# [PROMPT]
Write the listing out again, exactly as it reads below.
----------------
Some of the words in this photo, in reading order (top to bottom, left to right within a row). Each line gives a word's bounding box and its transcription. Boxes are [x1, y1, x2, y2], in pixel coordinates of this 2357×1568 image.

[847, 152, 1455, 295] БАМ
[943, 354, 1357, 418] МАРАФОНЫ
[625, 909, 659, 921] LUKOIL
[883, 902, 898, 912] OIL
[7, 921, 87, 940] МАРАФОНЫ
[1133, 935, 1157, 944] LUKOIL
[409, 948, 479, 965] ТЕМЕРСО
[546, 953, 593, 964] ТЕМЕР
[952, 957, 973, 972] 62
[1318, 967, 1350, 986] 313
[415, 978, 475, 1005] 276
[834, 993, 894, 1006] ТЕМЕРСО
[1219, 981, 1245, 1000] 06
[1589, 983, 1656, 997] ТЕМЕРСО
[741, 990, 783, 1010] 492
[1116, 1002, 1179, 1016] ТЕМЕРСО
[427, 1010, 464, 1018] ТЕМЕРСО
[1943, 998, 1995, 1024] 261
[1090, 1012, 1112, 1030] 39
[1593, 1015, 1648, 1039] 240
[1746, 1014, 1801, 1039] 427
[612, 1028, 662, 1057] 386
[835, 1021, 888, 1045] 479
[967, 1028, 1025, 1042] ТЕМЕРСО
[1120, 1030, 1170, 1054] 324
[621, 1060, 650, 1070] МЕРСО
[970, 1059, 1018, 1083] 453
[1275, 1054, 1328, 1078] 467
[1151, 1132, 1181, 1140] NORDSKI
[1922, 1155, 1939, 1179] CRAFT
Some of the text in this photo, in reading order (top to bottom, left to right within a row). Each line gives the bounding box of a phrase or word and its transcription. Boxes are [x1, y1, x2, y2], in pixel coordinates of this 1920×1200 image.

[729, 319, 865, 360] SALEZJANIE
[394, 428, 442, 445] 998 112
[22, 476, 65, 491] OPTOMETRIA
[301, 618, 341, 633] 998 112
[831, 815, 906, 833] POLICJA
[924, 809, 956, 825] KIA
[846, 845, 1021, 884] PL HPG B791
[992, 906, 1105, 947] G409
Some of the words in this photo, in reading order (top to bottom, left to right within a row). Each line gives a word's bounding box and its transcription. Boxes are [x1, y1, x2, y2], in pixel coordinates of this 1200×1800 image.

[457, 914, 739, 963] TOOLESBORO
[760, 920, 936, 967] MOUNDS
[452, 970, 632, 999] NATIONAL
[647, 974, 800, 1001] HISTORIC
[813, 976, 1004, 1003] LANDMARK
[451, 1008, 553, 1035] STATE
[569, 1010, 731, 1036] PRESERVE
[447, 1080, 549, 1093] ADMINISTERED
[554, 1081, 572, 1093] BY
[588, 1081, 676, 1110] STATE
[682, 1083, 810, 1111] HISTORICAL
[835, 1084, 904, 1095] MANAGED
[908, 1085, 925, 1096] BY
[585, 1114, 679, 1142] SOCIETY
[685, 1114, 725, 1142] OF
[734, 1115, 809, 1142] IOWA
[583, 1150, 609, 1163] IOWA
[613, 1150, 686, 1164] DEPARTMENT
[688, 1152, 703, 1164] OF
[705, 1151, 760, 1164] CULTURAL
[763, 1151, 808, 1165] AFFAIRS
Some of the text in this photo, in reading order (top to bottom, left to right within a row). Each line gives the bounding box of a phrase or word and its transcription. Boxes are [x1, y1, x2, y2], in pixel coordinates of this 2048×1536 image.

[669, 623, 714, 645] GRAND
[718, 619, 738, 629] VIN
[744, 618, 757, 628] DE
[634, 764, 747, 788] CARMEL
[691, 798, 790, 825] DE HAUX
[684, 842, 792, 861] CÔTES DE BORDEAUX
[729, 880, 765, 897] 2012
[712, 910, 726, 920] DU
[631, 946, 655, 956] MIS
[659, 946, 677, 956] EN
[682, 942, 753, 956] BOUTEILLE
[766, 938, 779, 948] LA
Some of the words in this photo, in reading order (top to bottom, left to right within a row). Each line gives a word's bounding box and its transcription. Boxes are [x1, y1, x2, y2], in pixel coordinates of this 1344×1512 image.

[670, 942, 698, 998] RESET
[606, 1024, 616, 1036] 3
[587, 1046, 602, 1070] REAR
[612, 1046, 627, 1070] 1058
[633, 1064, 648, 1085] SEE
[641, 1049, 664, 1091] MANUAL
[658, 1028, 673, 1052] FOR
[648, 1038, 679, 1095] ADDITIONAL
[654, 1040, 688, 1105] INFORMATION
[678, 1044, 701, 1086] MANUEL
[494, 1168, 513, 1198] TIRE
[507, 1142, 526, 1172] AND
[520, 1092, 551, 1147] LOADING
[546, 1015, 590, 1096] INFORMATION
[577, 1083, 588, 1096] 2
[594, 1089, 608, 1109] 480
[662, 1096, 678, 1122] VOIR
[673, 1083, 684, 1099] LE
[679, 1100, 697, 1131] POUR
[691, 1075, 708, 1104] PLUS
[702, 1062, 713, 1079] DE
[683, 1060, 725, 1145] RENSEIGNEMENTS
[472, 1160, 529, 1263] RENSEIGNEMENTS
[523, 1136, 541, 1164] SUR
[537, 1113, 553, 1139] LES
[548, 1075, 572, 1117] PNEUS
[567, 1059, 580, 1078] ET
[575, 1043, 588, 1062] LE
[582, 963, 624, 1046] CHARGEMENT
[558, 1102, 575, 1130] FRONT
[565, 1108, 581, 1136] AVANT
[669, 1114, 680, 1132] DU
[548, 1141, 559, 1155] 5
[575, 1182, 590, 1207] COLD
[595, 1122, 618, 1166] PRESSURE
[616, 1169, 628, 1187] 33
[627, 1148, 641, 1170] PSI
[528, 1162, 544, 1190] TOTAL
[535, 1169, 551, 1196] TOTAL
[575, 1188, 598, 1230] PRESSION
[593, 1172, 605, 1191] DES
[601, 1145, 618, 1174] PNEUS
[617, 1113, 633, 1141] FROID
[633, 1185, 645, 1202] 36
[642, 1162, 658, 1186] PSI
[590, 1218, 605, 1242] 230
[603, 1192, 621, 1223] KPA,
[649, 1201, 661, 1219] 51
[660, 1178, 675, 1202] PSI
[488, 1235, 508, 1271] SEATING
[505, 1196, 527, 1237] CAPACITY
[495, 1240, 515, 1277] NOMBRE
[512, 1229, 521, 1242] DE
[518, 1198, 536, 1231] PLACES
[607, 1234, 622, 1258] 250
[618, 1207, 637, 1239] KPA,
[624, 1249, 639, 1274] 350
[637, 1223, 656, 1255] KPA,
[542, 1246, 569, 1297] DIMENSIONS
----------------
# [YOUR RESPONSE]
Some of the words in this photo, in reading order (top to bottom, left to right within a row). Each line gives a word's bounding box and its transcription. Boxes are [x1, y1, x2, y2], in pixel coordinates of this 2357×1568 image.

[847, 152, 1455, 295] БАМ
[943, 354, 1357, 418] МАРАФОНЫ
[625, 909, 659, 921] LUKOIL
[883, 902, 898, 912] OIL
[7, 921, 87, 940] МАРАФОНЫ
[1133, 935, 1157, 944] LUKOIL
[409, 948, 479, 965] ТЕМЕРСО
[546, 953, 593, 964] ТЕМЕР
[952, 957, 973, 972] 62
[1318, 967, 1350, 986] 313
[415, 978, 475, 1005] 276
[834, 993, 894, 1006] ТЕМЕРСО
[1219, 981, 1245, 1000] 06
[1589, 983, 1656, 997] ТЕМЕРСО
[741, 990, 783, 1010] 492
[1116, 1002, 1179, 1016] ТЕМЕРСО
[427, 1010, 464, 1018] ТЕМЕРСО
[1943, 998, 1995, 1024] 261
[1090, 1012, 1112, 1030] 39
[1593, 1015, 1648, 1039] 240
[1746, 1014, 1801, 1039] 427
[612, 1028, 662, 1057] 386
[835, 1021, 888, 1045] 479
[967, 1028, 1025, 1042] ТЕМЕРСО
[1120, 1030, 1170, 1054] 324
[621, 1060, 650, 1070] МЕРСО
[970, 1059, 1018, 1083] 453
[1275, 1054, 1328, 1078] 467
[1151, 1132, 1181, 1140] NORDSKI
[1922, 1155, 1939, 1179] CRAFT
Some of the text in this photo, in reading order (top to bottom, left to right within a row). Each line gives the bounding box of a phrase or word and its transcription. Boxes are [x1, y1, x2, y2], in pixel coordinates of this 1920×1200 image.

[729, 319, 865, 360] SALEZJANIE
[394, 428, 442, 445] 998 112
[22, 476, 65, 491] OPTOMETRIA
[301, 618, 341, 633] 998 112
[831, 815, 906, 833] POLICJA
[924, 809, 956, 825] KIA
[846, 845, 1021, 884] PL HPG B791
[992, 906, 1105, 947] G409
Some of the words in this photo, in reading order (top to bottom, left to right within a row). Each line gives a word's bounding box and its transcription. Boxes are [x1, y1, x2, y2], in pixel coordinates of this 1200×1800 image.

[457, 914, 739, 963] TOOLESBORO
[760, 920, 936, 967] MOUNDS
[452, 970, 632, 999] NATIONAL
[647, 974, 800, 1001] HISTORIC
[813, 976, 1004, 1003] LANDMARK
[451, 1008, 553, 1035] STATE
[569, 1010, 731, 1036] PRESERVE
[447, 1080, 549, 1093] ADMINISTERED
[554, 1081, 572, 1093] BY
[588, 1081, 676, 1110] STATE
[682, 1083, 810, 1111] HISTORICAL
[835, 1084, 904, 1095] MANAGED
[908, 1085, 925, 1096] BY
[585, 1114, 679, 1142] SOCIETY
[685, 1114, 725, 1142] OF
[734, 1115, 809, 1142] IOWA
[583, 1150, 609, 1163] IOWA
[613, 1150, 686, 1164] DEPARTMENT
[688, 1152, 703, 1164] OF
[705, 1151, 760, 1164] CULTURAL
[763, 1151, 808, 1165] AFFAIRS
Some of the text in this photo, in reading order (top to bottom, left to right within a row). Each line gives the bounding box of a phrase or word and its transcription. Boxes are [x1, y1, x2, y2], in pixel coordinates of this 2048×1536 image.

[669, 623, 714, 645] GRAND
[718, 619, 738, 629] VIN
[744, 618, 757, 628] DE
[634, 764, 747, 788] CARMEL
[691, 798, 790, 825] DE HAUX
[684, 842, 792, 861] CÔTES DE BORDEAUX
[729, 880, 765, 897] 2012
[712, 910, 726, 920] DU
[631, 946, 655, 956] MIS
[659, 946, 677, 956] EN
[682, 942, 753, 956] BOUTEILLE
[766, 938, 779, 948] LA
Some of the words in this photo, in reading order (top to bottom, left to right within a row). Each line gives a word's bounding box and its transcription. Boxes are [x1, y1, x2, y2], in pixel coordinates of this 1344×1512 image.

[670, 942, 698, 998] RESET
[606, 1024, 616, 1036] 3
[587, 1046, 602, 1070] REAR
[612, 1046, 627, 1070] 1058
[633, 1064, 648, 1085] SEE
[641, 1049, 664, 1091] MANUAL
[658, 1028, 673, 1052] FOR
[648, 1038, 679, 1095] ADDITIONAL
[654, 1040, 688, 1105] INFORMATION
[678, 1044, 701, 1086] MANUEL
[494, 1168, 513, 1198] TIRE
[507, 1142, 526, 1172] AND
[520, 1092, 551, 1147] LOADING
[546, 1015, 590, 1096] INFORMATION
[577, 1083, 588, 1096] 2
[594, 1089, 608, 1109] 480
[662, 1096, 678, 1122] VOIR
[673, 1083, 684, 1099] LE
[679, 1100, 697, 1131] POUR
[691, 1075, 708, 1104] PLUS
[702, 1062, 713, 1079] DE
[683, 1060, 725, 1145] RENSEIGNEMENTS
[472, 1160, 529, 1263] RENSEIGNEMENTS
[523, 1136, 541, 1164] SUR
[537, 1113, 553, 1139] LES
[548, 1075, 572, 1117] PNEUS
[567, 1059, 580, 1078] ET
[575, 1043, 588, 1062] LE
[582, 963, 624, 1046] CHARGEMENT
[558, 1102, 575, 1130] FRONT
[565, 1108, 581, 1136] AVANT
[669, 1114, 680, 1132] DU
[548, 1141, 559, 1155] 5
[575, 1182, 590, 1207] COLD
[595, 1122, 618, 1166] PRESSURE
[616, 1169, 628, 1187] 33
[627, 1148, 641, 1170] PSI
[528, 1162, 544, 1190] TOTAL
[535, 1169, 551, 1196] TOTAL
[575, 1188, 598, 1230] PRESSION
[593, 1172, 605, 1191] DES
[601, 1145, 618, 1174] PNEUS
[617, 1113, 633, 1141] FROID
[633, 1185, 645, 1202] 36
[642, 1162, 658, 1186] PSI
[590, 1218, 605, 1242] 230
[603, 1192, 621, 1223] KPA,
[649, 1201, 661, 1219] 51
[660, 1178, 675, 1202] PSI
[488, 1235, 508, 1271] SEATING
[505, 1196, 527, 1237] CAPACITY
[495, 1240, 515, 1277] NOMBRE
[512, 1229, 521, 1242] DE
[518, 1198, 536, 1231] PLACES
[607, 1234, 622, 1258] 250
[618, 1207, 637, 1239] KPA,
[624, 1249, 639, 1274] 350
[637, 1223, 656, 1255] KPA,
[542, 1246, 569, 1297] DIMENSIONS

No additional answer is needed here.